Sunday, Jan. 5, 2020 1:00 PM - 3:00 PM (PDT)

Manchester Grand Hyatt, Cortez Hill A
Hosted By: Association for Evolutionary Economics
  • Chair: Richard Adkisson, New Mexico State University

Innovation and Income Inequality in the United States of America: Ceremonial Versus Institutional Adjustment

Kosta Josifidis
,
University of Novi Sad
Novica Supic
,
University of Novi Sad

Abstract

This paper investigates the distributive effects of technological progress in the United States during the last four decades. The result of our econometric analysis reveals that the shift in R&D investment from the public to the private sector was associated with an increase in income share of the richer classes at the expense of the poorer income classes. Taking an institutionalist perspective, these findings can be explained by ceremonial encapsulation of innovation by corporate capital that slows the pace of social progress. In this context, diffusion of innovation may be treated as a progressive institutional change.

Automation, Financialization, and Institutional Change: Challenges for Progressive Industrial Policy

Avraham Izhar Baranes
,
Elmhurst College

Abstract

This paper argues that the fears over the “dangers” of automation result primarily from the ways in which the new technologies are used in the context of financialization. In other words, automation currently is used in ways that promote and benefit the interests of shareholders through “labor-saving” cost reductions at the expense of workers who are replaced. However, I argue here that these downsides should be seen as the result of ceremonial encapsulation within the process of institutional adjustment. Combining the arguments made by Foster (1981), Bush (1987; 1989), Serfati (2008), and Lazonick (2010), I argue that the view of automation as problematic depends upon a financialized economy, in which the ownership of such technology dictates the distribution of income and such ownership is concentrated in the hands of shareholders. In other words, rather than generate social benefits, automation combined with financialization increases income and wealth inequality, harms the position of labor in the economy, and reinforces the dominant position of the shareholder interests. The purpose of this paper, then, is two-fold. First, I will discuss the way in which we can use the process of institutional adjustment described by Foster (1981) and Bush (1987) to understand the debates and fears surrounding automation, emphasizing the role that ceremonial encapsulation plays in this debate.
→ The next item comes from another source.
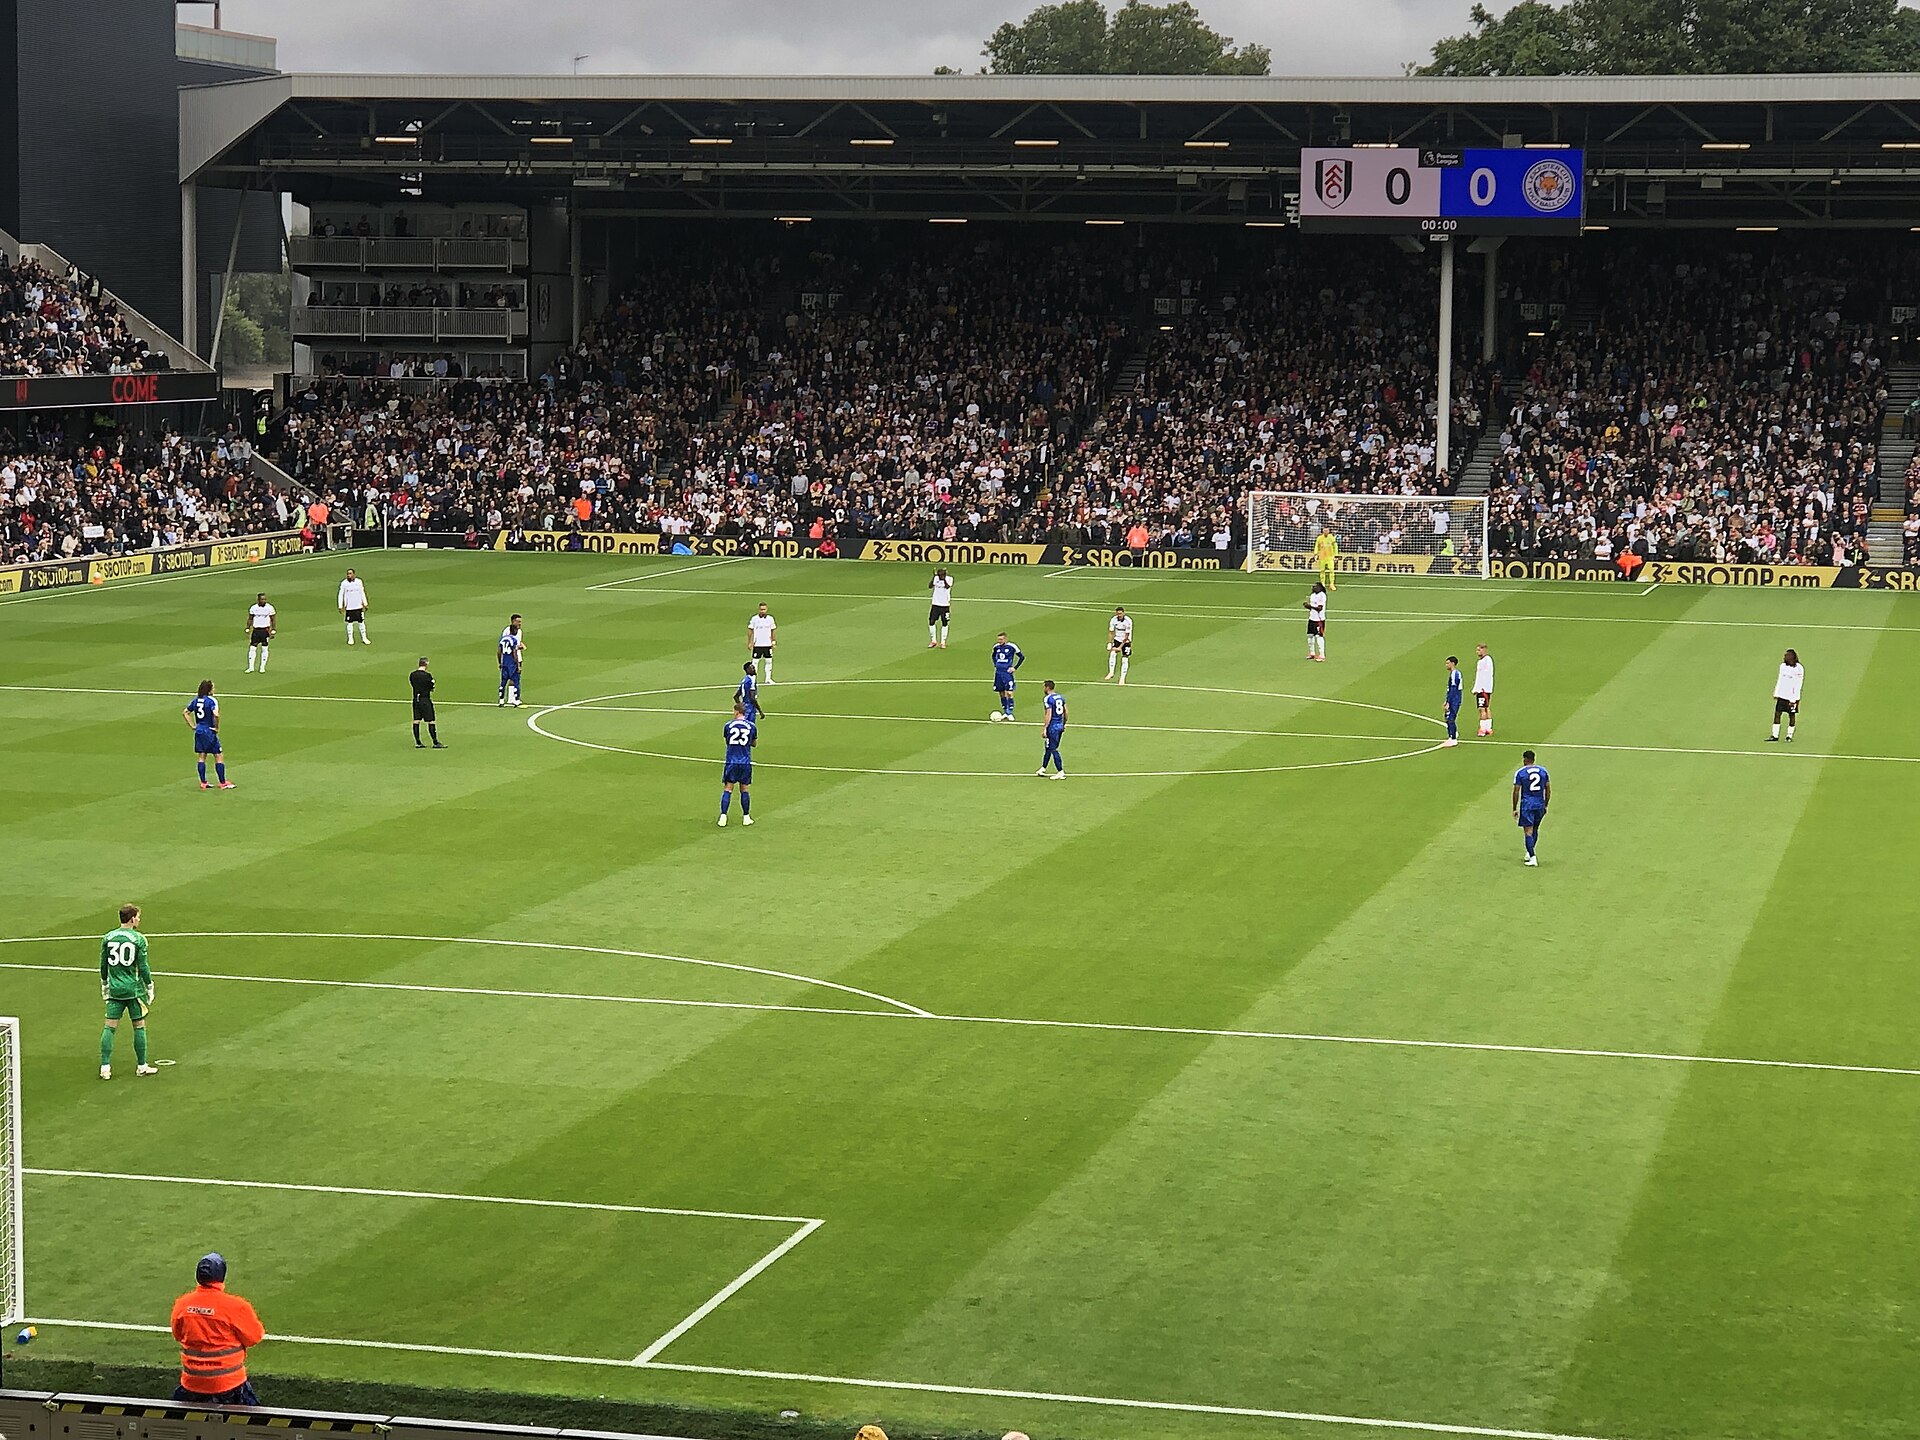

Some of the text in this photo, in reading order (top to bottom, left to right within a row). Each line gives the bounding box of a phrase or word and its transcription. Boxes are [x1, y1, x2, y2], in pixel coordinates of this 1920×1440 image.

Second, I discuss the role that progressive policy has in ensuring that this process of institutional adjustment is smooth. Key to this discussion is the altering the relationship between distribution and ownership, and how neoclassical economics emphasis on marginal productivity theory prevents necessary progressive institutional adjustment from occurring. Overall, the paper provides an important step in explaining how automation is only an early step in the process of institutional adjustment and that the problems associated with it result from ceremonial encapsulation. With proper economic theory and policy, however, automation should be seen as a welcome change.
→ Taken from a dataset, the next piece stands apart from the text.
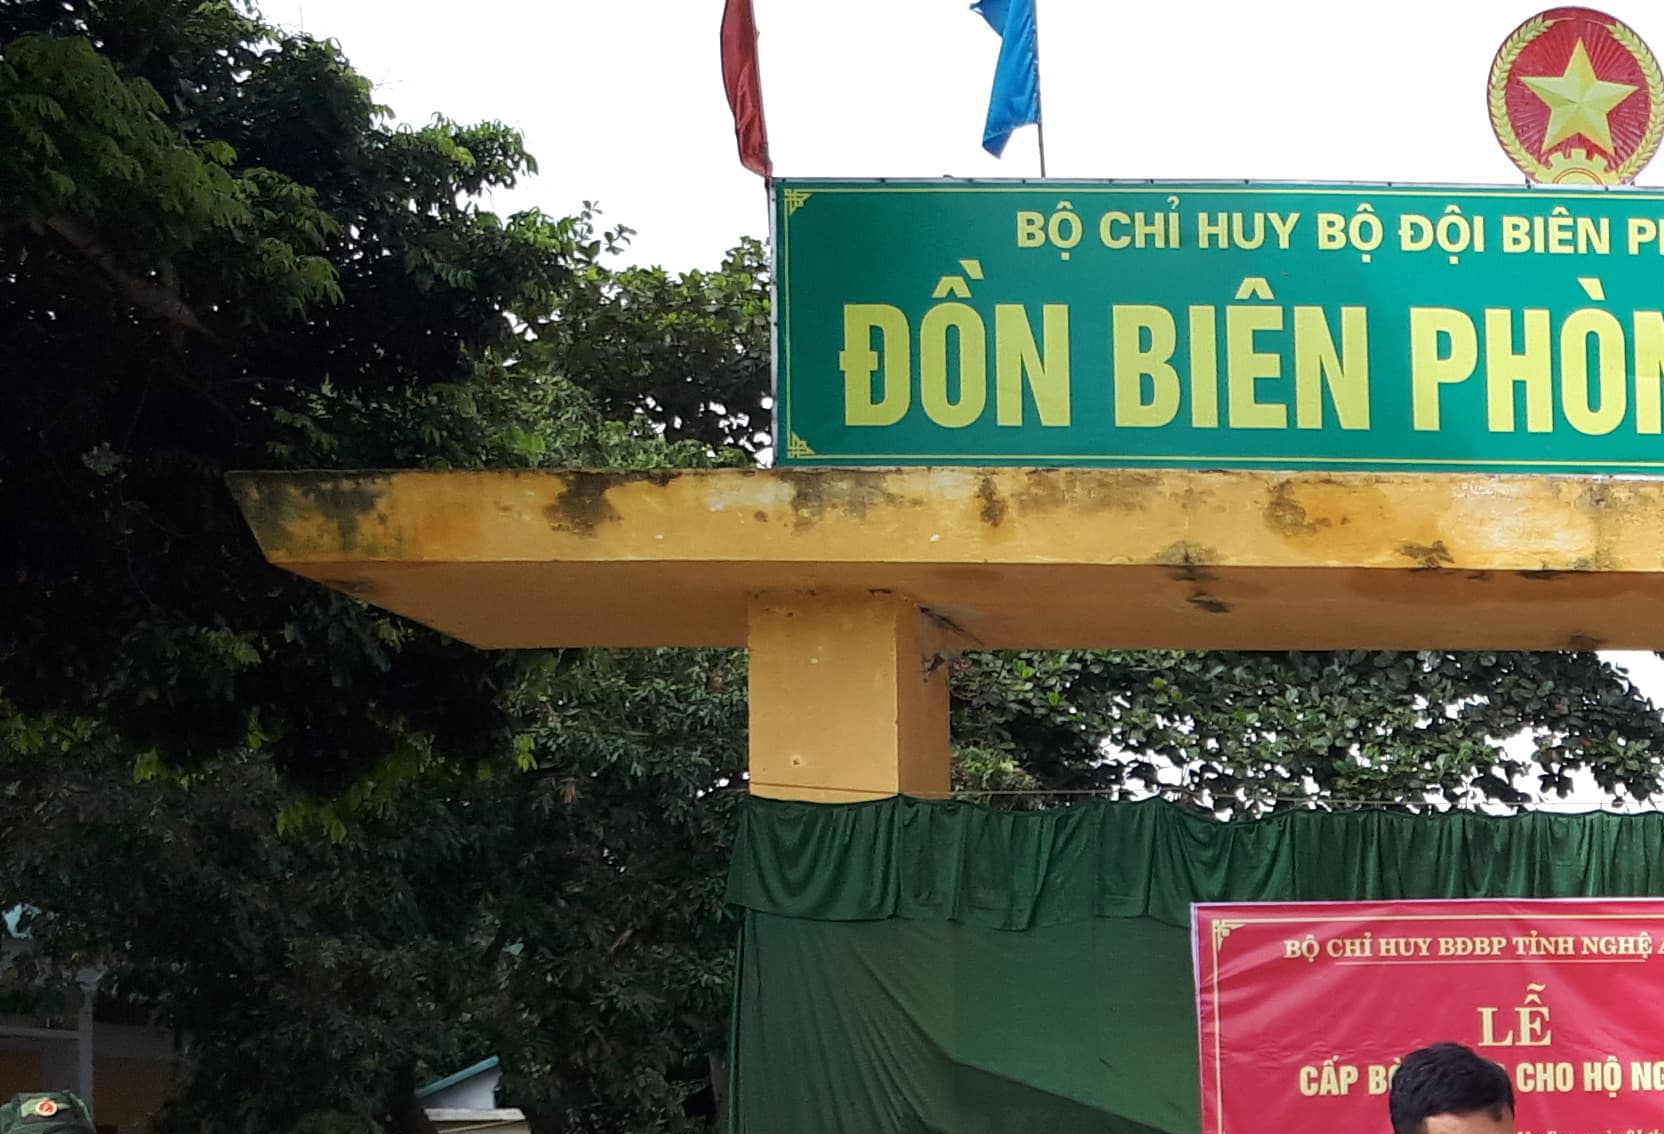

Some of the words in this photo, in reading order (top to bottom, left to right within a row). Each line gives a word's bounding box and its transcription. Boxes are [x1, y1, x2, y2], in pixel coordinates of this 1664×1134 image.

From Regulation to Deregulation: Old Institutionalist Versus Chicago School Views of Law and Economics

Matías Vernengo
,
Bucknell University

Abstract

The Progressive Era saw a significant effort to regulate the so-called Cartels, and many Old Institutionalists were associated to the efforts to curb corporate power and the establishment of regulatory agencies. The administrative state that resulted from the Progressive and New Deal eras was built on the foundations of a mix of Institutionalist and Keynesian ideas about how markets formed and behaved. That consensus was challenged by a set of scholars that coalesced at Chicago and are often seen as the pioneers of the field of law and economics. In particular, the focus of Chicago scholars was the notion that regulatory capture weakened the case for regulation, and that government intervention was not required even in the presence of market failures, since government failures were even worse. The Coase Theorem, in particular, reinforced the idea that only secure property rights were required for efficient market solutions. This paper explores the ways in which Old Institutionalists that were instrumental in the rise of the administrative or regulatory state were aware of the power of corporations to influence regulators, and how they envisaged a more dynamic regulatory environment. It also traces back the differences between Institutionalist views of laws and regulations to a different conception of markets.

From Mad to Mindful: Corporate Control through Corporate Mindfulness

Mary V. Wrenn
,
University of West England

Abstract

Capitalism has always and will always depend on a compliant workforce. Maintaining the delicate balance between a worker who is just ‘not-unhappy’ enough or desperate enough to continue working while also cutting costs to the bone presents a continuous challenge for business interests. This pursuit to squeeze more productivity out of workers while also managing worker discontent in the cheapest way possible has spawned innovations in labor management which reflect the institutional milieu of the respective time. This research focuses on those labor management techniques particular to neoliberalism and the ways in which cultural movements and trends of the neoliberal period are mined and deployed as yet another useful resource in the disciplining of workers. Corporate mindfulness is the favorite labor management technique of the neoliberal period. The formalization of packaging of corporate mindfulness began in the late 1970s, but was built on a long tradition of attempts to hack the minds and mind-sets of workers. Corporate mindfulness reinforces neoliberalism through the corporate individual, the transformation of the self of the corporate individual, and the creation of the corporation as a community and means of social connection for the corporate individual.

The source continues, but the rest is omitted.